Agent-Ready Operations in shared services

May 2026

The GBS Capability We Haven't Named Yet: Agent-Ready Operations

Why every GBS leader should name it, and build it into their next budget cycle.

Share on

The major disciplines in shared services each got their name from a specific pain point they finally solved. Process defects nobody could measure consistently, then Six Sigma. Processes that ran nothing like the SOP said, then process mining. Armies of staff doing repetitive digital work, then RPA. RPA stalling on anything that needed judgment or unstructured data, then intelligent automation.

Agentic AI in GBS is at that point now. The tools are moving faster than the operating models. The pilots are stacking up. The failures are starting to repeat.

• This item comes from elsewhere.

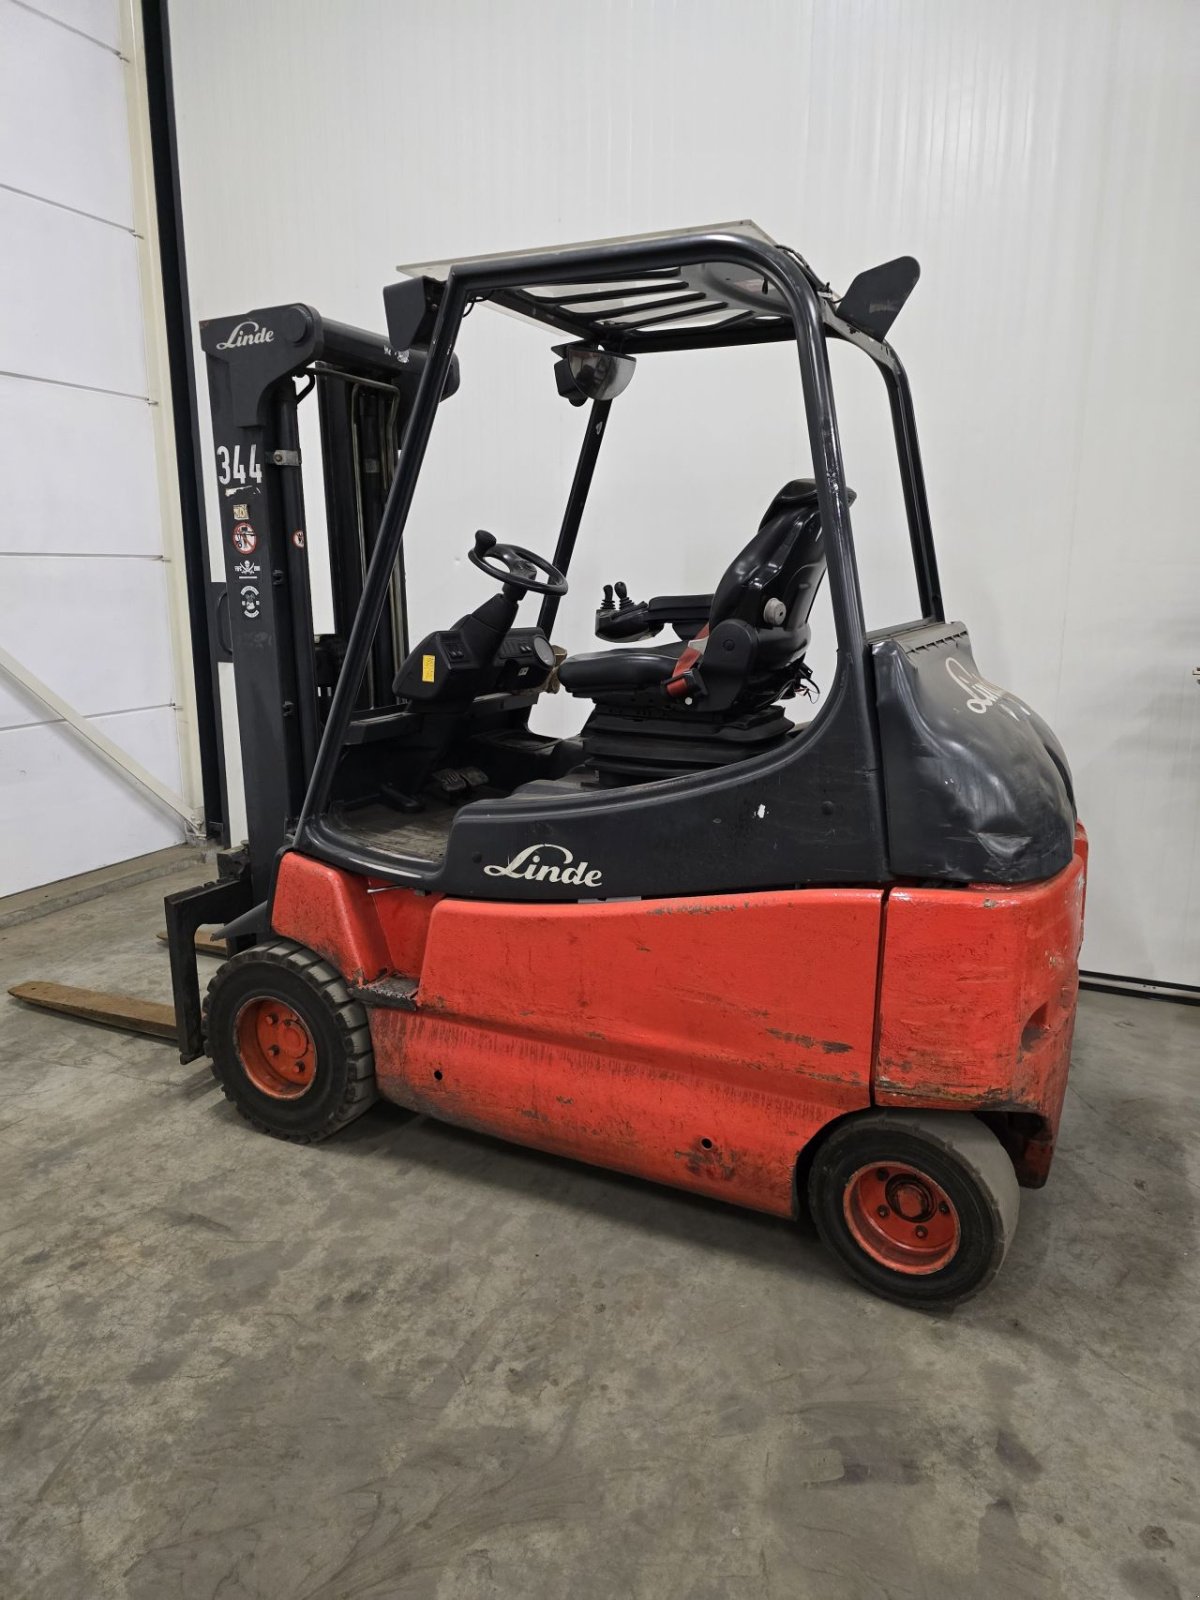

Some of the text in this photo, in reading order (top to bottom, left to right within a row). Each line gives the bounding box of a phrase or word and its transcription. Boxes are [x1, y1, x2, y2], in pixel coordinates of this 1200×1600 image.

The capability needed to run any of this at scale does not have a name yet.

The failure mode is hiding in plain sight

  • Gartner's 2026 CIO and Technology Executive Survey, summarised in its 2026 Hype Cycle for Agentic AI, finds that 17% of organisations have deployed AI agents and more than 60% plan to within two years.
  • IDC's 2025 Workera-sponsored Analyst Brief, Closing the Gap: Verifying AI Skills in the Enterprise, reports that most organisations are increasing their AI investment while only very few rate themselves as AI-mature.
  • A 2026 study by HFS Research titled Autonomy Requires Trust in AI, identifies a critical disconnect between enterprise ambition and operational readiness. The report finds that 33% of respondents cite unprepared business processes as the single leading barrier to scaling agentic AI, outranking concerns over core technology, integration, or talent.

That last finding on business processes is the a key finding worth reflecting on. Unwritten know-how from experienced team members, undocumented exceptions, judgment calls held as institutional intuition rather than documented logic. None of this is legible to an agent.

"AI literacy train staff to use AI well. It does not train the inverse skill: articulating your own work clearly enough that an agent can act on it."

Process clarity, not bot capability, is the constraint. There is an AI literacy gap that most of the current frameworks miss. They train staff to use AI well. None train the inverse skill: articulating your own work clearly enough that an agent can act on it.

A name for the missing capability: Agent-Ready Operations

"The cost of unmapped decision logic is materially higher than the cost of unmapped procedural logic ever was."

The capability I want to propose, and the one I see taking shape inside the more advanced GBS organisations, may be proposed to be 'Agent-Ready Operations'. It is not an AI capability. It is the human and organisational capability that determines whether AI capability can land in the organisation.

"Agent-Ready Operations is not an AI capability. It is the human and organisational capability that determines whether AI capability can land in the organisation."

It rests on four components, all of which need to be built intentionally:

1. Knowledge architecture: Agents do not learn the way people do. They retrieve what is documented. That makes what is documented, where it lives, how it is structured, and how reliably it can be found a capability question. Most GBS functions still treat institutional knowledge as a by-product of doing the work. Agent-Ready Operations treats it as a first-class asset.

2. Decision articulation, the literacy that current frameworks miss: The workforce's capacity to make judgment legible to an agent and to keep building on it once the repetition that traditionally produced it has been automated.

3. Process observability: The ability to observe and represent how work actually happens, not how the SOP says it does. Process mining is the entry point, but the bar is higher. You need an operating picture of exceptions, escalations, and informal handoffs, because those are precisely the parts an agent cannot infer.

4. Change leadership: Lessons Learned from 60 Leading GBS Organisations found that 75% of leaders rate change management as critical, yet 33% have no operating model for it (Everest Group's 2026 study GBS Change Management Strategies). Agentic AI multiplies that requirement, it does not ease it.

What to do this budget cycle

First, pick your top high-value live processes and apply the 'Agent-ready capability' model to these processes. The mistake most organisations are making in 2026 is treating agentic AI as an experimentation budget.

Second, appoint named owners for those processes who are accountable for both the operating outcome and the Agent-Readiness of the work.

Third, build the human capability before procuring more agent capacity. A small cohort, drawn from the practitioners who actually run the work and apply the four 'Agent-Ready operations' components.

The window is short. Gartner's 60% adoption forecast inside two years means the firms that name and build Agent-Ready Operations this budget cycle become the AI deployment hubs their enterprises lean on by 2028.